Extracted data entries
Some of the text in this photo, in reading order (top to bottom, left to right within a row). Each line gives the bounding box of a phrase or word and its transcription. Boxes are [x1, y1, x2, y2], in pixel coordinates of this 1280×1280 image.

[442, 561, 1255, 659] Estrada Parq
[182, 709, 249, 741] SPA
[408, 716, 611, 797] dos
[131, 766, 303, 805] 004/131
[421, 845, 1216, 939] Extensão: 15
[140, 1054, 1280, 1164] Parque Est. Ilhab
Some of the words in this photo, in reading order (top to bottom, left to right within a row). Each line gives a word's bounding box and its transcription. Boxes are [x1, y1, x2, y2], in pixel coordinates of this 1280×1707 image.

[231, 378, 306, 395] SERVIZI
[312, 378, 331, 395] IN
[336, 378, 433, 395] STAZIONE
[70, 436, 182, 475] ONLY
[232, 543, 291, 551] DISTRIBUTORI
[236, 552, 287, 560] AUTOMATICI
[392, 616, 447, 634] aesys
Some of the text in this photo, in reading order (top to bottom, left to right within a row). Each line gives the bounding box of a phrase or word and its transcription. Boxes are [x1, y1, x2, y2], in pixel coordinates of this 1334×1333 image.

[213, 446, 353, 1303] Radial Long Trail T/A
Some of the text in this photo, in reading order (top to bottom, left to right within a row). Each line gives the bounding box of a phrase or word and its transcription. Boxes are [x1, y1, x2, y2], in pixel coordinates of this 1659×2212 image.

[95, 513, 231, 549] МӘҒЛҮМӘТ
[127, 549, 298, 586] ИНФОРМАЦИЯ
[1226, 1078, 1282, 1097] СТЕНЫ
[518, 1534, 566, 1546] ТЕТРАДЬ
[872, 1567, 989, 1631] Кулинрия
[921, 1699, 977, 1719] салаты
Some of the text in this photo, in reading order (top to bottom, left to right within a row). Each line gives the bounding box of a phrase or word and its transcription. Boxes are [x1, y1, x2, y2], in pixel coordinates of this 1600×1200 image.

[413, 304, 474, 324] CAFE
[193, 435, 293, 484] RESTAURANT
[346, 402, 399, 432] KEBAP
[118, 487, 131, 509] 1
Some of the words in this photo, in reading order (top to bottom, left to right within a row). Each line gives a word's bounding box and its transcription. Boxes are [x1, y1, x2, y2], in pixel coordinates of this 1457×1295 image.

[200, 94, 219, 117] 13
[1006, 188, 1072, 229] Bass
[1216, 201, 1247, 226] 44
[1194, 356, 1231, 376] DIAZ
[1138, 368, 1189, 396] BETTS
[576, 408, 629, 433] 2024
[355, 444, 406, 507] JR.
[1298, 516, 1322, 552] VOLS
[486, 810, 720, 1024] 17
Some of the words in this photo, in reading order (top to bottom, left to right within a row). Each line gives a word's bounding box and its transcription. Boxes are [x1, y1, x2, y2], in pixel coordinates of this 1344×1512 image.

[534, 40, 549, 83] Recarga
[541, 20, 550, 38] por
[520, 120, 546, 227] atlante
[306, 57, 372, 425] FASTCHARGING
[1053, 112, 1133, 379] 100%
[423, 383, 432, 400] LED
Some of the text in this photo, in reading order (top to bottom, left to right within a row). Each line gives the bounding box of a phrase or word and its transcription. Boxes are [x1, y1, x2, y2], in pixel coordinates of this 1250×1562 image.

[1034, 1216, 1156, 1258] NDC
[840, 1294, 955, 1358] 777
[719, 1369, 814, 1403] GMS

_Exercise objective_
Output each entry exactly. Leave none out.

_Result of this task_
Some of the text in this photo, in reading order (top to bottom, left to right within a row). Each line gives the bounding box of a phrase or word and its transcription. Boxes are [x1, y1, x2, y2], in pixel coordinates of this 1280×1280 image.

[442, 561, 1255, 659] Estrada Parq
[182, 709, 249, 741] SPA
[408, 716, 611, 797] dos
[131, 766, 303, 805] 004/131
[421, 845, 1216, 939] Extensão: 15
[140, 1054, 1280, 1164] Parque Est. Ilhab
Some of the words in this photo, in reading order (top to bottom, left to right within a row). Each line gives a word's bounding box and its transcription. Boxes are [x1, y1, x2, y2], in pixel coordinates of this 1280×1707 image.

[231, 378, 306, 395] SERVIZI
[312, 378, 331, 395] IN
[336, 378, 433, 395] STAZIONE
[70, 436, 182, 475] ONLY
[232, 543, 291, 551] DISTRIBUTORI
[236, 552, 287, 560] AUTOMATICI
[392, 616, 447, 634] aesys
Some of the text in this photo, in reading order (top to bottom, left to right within a row). Each line gives the bounding box of a phrase or word and its transcription. Boxes are [x1, y1, x2, y2], in pixel coordinates of this 1334×1333 image.

[213, 446, 353, 1303] Radial Long Trail T/A
Some of the text in this photo, in reading order (top to bottom, left to right within a row). Each line gives the bounding box of a phrase or word and its transcription. Boxes are [x1, y1, x2, y2], in pixel coordinates of this 1659×2212 image.

[95, 513, 231, 549] МӘҒЛҮМӘТ
[127, 549, 298, 586] ИНФОРМАЦИЯ
[1226, 1078, 1282, 1097] СТЕНЫ
[518, 1534, 566, 1546] ТЕТРАДЬ
[872, 1567, 989, 1631] Кулинрия
[921, 1699, 977, 1719] салаты
Some of the text in this photo, in reading order (top to bottom, left to right within a row). Each line gives the bounding box of a phrase or word and its transcription. Boxes are [x1, y1, x2, y2], in pixel coordinates of this 1600×1200 image.

[413, 304, 474, 324] CAFE
[193, 435, 293, 484] RESTAURANT
[346, 402, 399, 432] KEBAP
[118, 487, 131, 509] 1
Some of the words in this photo, in reading order (top to bottom, left to right within a row). Each line gives a word's bounding box and its transcription. Boxes are [x1, y1, x2, y2], in pixel coordinates of this 1457×1295 image.

[200, 94, 219, 117] 13
[1006, 188, 1072, 229] Bass
[1216, 201, 1247, 226] 44
[1194, 356, 1231, 376] DIAZ
[1138, 368, 1189, 396] BETTS
[576, 408, 629, 433] 2024
[355, 444, 406, 507] JR.
[1298, 516, 1322, 552] VOLS
[486, 810, 720, 1024] 17
Some of the words in this photo, in reading order (top to bottom, left to right within a row). Each line gives a word's bounding box and its transcription. Boxes are [x1, y1, x2, y2], in pixel coordinates of this 1344×1512 image.

[534, 40, 549, 83] Recarga
[541, 20, 550, 38] por
[520, 120, 546, 227] atlante
[306, 57, 372, 425] FASTCHARGING
[1053, 112, 1133, 379] 100%
[423, 383, 432, 400] LED
Some of the text in this photo, in reading order (top to bottom, left to right within a row). Each line gives the bounding box of a phrase or word and its transcription. Boxes are [x1, y1, x2, y2], in pixel coordinates of this 1250×1562 image.

[1034, 1216, 1156, 1258] NDC
[840, 1294, 955, 1358] 777
[719, 1369, 814, 1403] GMS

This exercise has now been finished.